After DeepSeek, the large model from Beijing Academy of Artificial Intelligence (BAAI) is published in Nature: It concerns the ruling path of the "world model".
According to a report by Zhidx on February 1st, Beijing time on January 29th, the multimodal large model "Wujie·Emu" launched by the Beijing Academy of Artificial Intelligence (BAAI) was published in the main issue of Nature. It became the second Chinese large model research team after DeepSeek to achieve this feat and is also China's first Nature paper on the multimodal large model route.
Screenshot of the official Nature website
The editors of Nature commented, "Emu3 achieves unified learning of large-scale text, images, and videos based solely on 'predicting the next token.' Its performance in generation and perception tasks is comparable to that of specialized approaches.

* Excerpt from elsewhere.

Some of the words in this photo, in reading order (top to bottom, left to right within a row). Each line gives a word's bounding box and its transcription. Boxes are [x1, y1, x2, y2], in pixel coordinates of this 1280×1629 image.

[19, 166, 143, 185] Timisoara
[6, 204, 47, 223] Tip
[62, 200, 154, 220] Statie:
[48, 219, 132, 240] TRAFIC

This achievement is of great significance for building scalable and unified multimodal intelligent systems and is expected to drive the development of native multimodal assistants, world models, and embodied intelligence."

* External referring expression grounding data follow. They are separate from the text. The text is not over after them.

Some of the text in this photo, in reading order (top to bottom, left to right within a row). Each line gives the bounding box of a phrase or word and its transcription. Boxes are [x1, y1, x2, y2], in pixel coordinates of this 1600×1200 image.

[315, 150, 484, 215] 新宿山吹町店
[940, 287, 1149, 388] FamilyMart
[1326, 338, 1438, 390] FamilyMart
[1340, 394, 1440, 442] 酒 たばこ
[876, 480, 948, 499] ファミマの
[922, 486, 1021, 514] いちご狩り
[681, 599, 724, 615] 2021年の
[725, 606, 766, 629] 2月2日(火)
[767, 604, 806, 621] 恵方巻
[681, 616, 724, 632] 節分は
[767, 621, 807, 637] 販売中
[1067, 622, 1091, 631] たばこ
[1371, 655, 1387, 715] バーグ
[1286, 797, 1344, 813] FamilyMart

Emu3 is expected to drive the development of embodied intelligence and other fields
The "Wujie·Emu3" model was launched by BAAI in October 2024. In both perception and generation, Emu3 achieves performance comparable to that of models specialized for specific tasks. This model can perform various tasks such as text-to-image generation, text-to-video generation, future prediction, visual-language understanding, interleaved image-text generation, and embodied operations. This achievement is of great significance for establishing autoregression as a unified route for generative AI.
As shown in the figure below, in image generation, Emu3 outperforms diffusion models such as SDXL on benchmarks like MSCOCO-30K23; in video generation, it scores 81 on the VBench, surpassing Open-Sora 1.2; in visual-language understanding, it scores 62.1, slightly higher than LLaVA-1.6. Although such results are quite common today, they were remarkable two years ago.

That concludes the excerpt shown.